Fig. 3: Chromatin conformation contributes to epigenetic bystander modifications.

a, ATAC-seq data of HEK293T cells28 was used to estimate chromatin accessibility at epigenetic bystander modifications upon modification of PDE4C with either dCas9-DNMT3A or CRISPRoff. The higher ATAC-seq signals indicate that bystander modifications are enriched at open chromatin regions (two-tailed, unpaired t-test). b, In analogy, we tested whether CpGs with age-associated DNAm changes are also associated to chromatin accessibility in the ATAC-seq data HEK293T cells. The 4,389 age-hypomethylated CpGs revealed overall lower ATAC signal, whereas the 5,328 age-hypermethylated CpGs were enriched at open chromatin (two-tailed unpaired t-test). c, Intrinsic 4C-sequencing in HEK293T cells for three age-associated sites in PDE4C, FHL2 and MEIS1-AS3 (triplicates per viewpoint). The Manhattan plots depict the number of reads (rpm, reads per million) at the cis-interacting regions on the corresponding chromosomes. The highest signal was observed around the 4C viewpoints. d, Bystander effects of PDE4C become enriched with increasing coverage in 4C-sequencing of PDE4C-interacting sites.
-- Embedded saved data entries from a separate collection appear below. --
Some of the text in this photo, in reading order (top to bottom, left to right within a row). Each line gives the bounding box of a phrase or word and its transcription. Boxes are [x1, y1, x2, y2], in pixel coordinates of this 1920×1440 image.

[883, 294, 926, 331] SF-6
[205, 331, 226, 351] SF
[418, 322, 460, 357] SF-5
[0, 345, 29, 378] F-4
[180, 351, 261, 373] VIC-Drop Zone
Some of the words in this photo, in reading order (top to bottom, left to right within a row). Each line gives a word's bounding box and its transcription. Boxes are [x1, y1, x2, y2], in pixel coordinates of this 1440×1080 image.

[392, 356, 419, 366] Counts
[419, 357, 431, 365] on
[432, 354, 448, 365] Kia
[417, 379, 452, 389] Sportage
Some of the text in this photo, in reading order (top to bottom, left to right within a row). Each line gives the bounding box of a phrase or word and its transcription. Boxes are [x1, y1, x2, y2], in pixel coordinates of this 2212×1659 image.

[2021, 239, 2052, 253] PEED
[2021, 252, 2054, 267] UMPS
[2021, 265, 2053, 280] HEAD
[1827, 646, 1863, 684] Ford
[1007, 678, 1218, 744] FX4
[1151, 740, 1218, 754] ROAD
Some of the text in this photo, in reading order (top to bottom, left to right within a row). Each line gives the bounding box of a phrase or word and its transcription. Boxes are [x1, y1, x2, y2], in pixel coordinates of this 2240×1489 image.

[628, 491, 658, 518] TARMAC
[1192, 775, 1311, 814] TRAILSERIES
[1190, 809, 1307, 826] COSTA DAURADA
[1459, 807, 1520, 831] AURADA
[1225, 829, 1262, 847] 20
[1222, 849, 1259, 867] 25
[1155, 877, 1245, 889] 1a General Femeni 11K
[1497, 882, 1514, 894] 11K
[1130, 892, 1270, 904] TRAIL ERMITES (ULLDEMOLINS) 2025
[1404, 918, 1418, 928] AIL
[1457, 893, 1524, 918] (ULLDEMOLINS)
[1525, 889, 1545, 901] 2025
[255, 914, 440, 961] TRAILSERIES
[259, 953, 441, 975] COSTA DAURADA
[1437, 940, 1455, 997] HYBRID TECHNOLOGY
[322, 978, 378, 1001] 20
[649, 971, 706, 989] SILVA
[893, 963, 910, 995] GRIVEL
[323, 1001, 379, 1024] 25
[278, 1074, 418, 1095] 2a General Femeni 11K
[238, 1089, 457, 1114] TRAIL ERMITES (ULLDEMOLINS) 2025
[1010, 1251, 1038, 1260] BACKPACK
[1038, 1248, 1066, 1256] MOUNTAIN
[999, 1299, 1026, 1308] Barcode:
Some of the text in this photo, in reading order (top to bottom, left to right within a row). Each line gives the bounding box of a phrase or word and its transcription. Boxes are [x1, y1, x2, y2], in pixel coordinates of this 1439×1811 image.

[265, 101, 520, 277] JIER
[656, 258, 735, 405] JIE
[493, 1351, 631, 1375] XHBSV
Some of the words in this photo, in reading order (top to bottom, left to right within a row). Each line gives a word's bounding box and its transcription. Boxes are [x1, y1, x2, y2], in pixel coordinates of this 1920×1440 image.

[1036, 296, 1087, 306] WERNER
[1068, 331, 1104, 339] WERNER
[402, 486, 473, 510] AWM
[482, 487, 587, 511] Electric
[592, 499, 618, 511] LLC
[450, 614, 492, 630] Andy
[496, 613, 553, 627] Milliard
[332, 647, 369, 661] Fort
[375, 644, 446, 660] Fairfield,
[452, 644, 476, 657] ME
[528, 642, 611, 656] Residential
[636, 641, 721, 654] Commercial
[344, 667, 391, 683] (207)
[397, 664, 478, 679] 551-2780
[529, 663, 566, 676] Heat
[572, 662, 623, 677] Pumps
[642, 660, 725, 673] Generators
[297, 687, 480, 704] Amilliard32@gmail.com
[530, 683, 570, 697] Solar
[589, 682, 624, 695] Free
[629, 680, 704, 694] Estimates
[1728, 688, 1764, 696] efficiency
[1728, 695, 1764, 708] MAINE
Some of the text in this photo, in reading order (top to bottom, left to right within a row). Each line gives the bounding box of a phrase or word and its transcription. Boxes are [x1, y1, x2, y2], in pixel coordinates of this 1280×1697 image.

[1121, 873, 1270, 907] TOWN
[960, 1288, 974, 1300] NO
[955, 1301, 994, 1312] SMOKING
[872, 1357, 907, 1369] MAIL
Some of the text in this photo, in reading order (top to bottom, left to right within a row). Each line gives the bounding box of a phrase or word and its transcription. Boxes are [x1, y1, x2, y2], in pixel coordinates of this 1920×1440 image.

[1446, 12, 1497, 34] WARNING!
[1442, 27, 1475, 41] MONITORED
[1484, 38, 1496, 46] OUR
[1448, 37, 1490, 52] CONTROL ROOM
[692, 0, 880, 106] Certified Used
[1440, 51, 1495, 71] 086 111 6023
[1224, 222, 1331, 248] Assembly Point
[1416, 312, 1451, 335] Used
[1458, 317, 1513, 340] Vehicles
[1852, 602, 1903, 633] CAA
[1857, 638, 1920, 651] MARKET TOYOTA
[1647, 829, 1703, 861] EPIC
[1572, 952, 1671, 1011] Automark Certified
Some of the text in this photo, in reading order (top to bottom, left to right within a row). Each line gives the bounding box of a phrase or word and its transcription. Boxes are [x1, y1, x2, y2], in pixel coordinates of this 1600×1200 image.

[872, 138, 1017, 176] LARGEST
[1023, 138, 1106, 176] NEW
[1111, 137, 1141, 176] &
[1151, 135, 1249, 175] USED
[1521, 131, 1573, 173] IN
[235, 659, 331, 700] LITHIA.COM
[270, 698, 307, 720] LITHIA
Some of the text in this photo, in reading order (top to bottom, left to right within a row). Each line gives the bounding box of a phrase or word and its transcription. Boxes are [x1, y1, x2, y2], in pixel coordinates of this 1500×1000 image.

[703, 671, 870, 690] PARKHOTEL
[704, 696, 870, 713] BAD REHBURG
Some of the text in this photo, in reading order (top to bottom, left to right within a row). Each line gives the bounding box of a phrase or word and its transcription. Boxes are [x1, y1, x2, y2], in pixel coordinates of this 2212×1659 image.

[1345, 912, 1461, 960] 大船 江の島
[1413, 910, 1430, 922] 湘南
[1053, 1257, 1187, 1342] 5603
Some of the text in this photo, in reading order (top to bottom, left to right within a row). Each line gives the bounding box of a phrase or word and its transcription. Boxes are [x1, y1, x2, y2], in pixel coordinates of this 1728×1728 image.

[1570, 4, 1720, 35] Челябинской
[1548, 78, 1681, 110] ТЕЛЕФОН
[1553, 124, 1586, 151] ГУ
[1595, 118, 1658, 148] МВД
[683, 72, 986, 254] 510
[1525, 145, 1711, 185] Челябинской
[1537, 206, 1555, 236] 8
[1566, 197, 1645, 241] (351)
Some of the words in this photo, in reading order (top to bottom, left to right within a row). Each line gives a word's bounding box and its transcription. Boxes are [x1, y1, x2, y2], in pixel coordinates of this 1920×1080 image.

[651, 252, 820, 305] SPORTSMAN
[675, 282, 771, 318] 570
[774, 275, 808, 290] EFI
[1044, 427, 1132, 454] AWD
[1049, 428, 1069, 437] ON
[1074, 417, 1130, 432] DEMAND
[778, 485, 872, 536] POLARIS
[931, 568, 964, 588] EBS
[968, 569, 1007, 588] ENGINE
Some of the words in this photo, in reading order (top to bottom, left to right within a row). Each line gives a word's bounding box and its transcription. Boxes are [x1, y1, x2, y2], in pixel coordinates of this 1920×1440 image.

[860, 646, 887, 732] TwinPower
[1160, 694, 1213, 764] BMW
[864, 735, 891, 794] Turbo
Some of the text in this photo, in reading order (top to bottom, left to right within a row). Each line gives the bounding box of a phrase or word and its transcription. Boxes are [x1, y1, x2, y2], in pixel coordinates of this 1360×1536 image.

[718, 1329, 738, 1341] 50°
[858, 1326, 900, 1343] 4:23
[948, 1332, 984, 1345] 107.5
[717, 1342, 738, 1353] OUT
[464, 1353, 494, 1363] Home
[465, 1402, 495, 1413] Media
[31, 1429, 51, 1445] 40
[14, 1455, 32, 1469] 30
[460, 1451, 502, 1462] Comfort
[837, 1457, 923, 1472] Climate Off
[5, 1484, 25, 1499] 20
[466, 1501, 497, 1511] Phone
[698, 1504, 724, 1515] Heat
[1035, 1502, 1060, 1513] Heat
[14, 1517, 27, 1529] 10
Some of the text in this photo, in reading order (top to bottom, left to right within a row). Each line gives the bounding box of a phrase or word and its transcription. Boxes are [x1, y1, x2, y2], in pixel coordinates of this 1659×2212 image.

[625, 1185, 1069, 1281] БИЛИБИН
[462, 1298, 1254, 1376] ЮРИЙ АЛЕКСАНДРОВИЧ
The association is best described by an exponential model (adjusted R2: 0.586, model P value < 1.801 × 10−7). Different symbols correspond to the three replicates. e–g, Overlap of 4,389 age-hypo and 5,328 age-hypermethylated CpGs at interacting genomic regions in 4C-sequencing data (chi-squared tests were performed for the threshold of 100 rpm: PDE4C: age-hypermethylated sites P = 0.0004 and age-hypomethylated sites P = 0.0019 (e); FHL2: age-hypermethylated sites P = 0.0008 and age-hypomethylated sites P = 0.0088 (f); and MEIS1-AS3: age-hypermethylated sites P = 0.0008 and age-hypomethylated sites P = 0.009 (g); all d.f = 1).